Sebelum meresmikan Sanggar Seni Gunung Sari, Khofifah yang hadir bersama Menteri Desa, Pembangunan Daerah Tertinggal dan Transmigrasi, Eko Putro Sandjojo menghadiri ‘wisuda’ DSM Desa Jabung Berbasis Seni dan Ekonomi Kreatif.

Khofifah menuturkan, sesuai RPJM target yang ditentukan dari pembangunan DSM yakni 5.000 desa yang pembinaannya dibagi lewat beberapa kementerian di bawah koordinasi Kementerian Pembangunan Manusia dan Kebudayaan (PMK).

“Di 2015 kami menyampaikan siap untuk 100 desa dan 20 desa tambahan di 2016. Maka ada 120 desa yang leading sector-nya Kemensos dalam proses penguatan pemberdayaan ekonomi kreatif.

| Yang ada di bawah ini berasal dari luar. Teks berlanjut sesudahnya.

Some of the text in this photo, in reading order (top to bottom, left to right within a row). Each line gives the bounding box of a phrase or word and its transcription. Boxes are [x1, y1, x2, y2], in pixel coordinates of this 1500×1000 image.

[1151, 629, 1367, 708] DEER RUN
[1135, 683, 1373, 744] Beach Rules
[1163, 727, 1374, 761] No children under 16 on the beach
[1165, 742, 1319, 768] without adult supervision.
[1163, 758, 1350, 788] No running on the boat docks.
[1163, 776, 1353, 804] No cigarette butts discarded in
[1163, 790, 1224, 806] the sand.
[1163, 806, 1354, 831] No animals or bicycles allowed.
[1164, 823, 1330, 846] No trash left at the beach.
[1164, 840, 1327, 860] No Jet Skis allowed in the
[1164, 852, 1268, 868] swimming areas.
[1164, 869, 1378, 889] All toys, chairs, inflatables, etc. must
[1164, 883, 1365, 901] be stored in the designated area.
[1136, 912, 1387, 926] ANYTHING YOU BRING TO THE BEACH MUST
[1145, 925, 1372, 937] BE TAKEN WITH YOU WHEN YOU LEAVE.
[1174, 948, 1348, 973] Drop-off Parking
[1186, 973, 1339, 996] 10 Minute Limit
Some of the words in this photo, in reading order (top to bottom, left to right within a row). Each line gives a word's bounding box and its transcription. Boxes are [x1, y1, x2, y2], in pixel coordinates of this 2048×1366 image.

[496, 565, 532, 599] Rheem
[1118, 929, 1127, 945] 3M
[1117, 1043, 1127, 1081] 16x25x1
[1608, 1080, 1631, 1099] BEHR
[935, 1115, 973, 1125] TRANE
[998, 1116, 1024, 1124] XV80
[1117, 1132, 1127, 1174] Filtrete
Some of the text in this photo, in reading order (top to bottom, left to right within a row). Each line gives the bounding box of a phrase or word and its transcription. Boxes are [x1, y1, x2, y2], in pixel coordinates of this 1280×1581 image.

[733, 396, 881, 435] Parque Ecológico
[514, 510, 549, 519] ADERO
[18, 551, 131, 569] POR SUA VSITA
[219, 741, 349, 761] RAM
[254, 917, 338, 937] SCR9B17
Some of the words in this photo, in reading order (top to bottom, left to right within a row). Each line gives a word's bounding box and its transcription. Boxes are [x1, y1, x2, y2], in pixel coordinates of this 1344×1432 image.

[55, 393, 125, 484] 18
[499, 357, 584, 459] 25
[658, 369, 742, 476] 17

Itu pendekatan yang dilakukan dalam membangun DSM,” tuturnya.

Untuk Desa Jabung, Kemensos membangun kemitraan dengan Unisma melalui KKN berjenjang. “Setelah hari ini dianggap cukup oleh Unisma, maka kami ingin menyerahkan ini kepada Kemendes untuk selanjutnya dikembangkan, dikuatan, bahkan mungkin dijadikan role model bagaimana penguatan DSM,” paparnya.

• Baca: Gagal Masuk TNI, Eh.. Khofifah Malah Jadi Menteri

Menurut Khofifah, ada hal yang khas dari Kemensos yakni terkait bangunan keserasian sosial yang harus dijaga. “Kalau ada potensi-potensi kemungkinan ketidakserasian maka langkah awalnya, preventifnya juga harus dilakukan,” ujarnya.

Di Desa Jabung, lanjutnya, ada banyak local wisdom (kearifan lokal) di antaranya kesenian lokal dan perlu diberi bantuan untuk keserasian sosial melalui sanggar seni. “Sehingga ketika mendeteksi ada ketidakserasian maka sudah kita lakukan melakukan tindakan preventif,” jelasnya.

Dalam kesempatan tersebut juga diberikan bantuan untuk Kelompok Usaha Bersama (Kube) sebesar Rp 20 juta, pengembangan sanggar tari Rp 50 juta, 100 perlengkapan sekolah siswa SD, 150 akta kelahiran, 150 paket Rumah Tidak Layak Huni (Rutilahu) lima desa serta 100 paket sembako untuk lansia.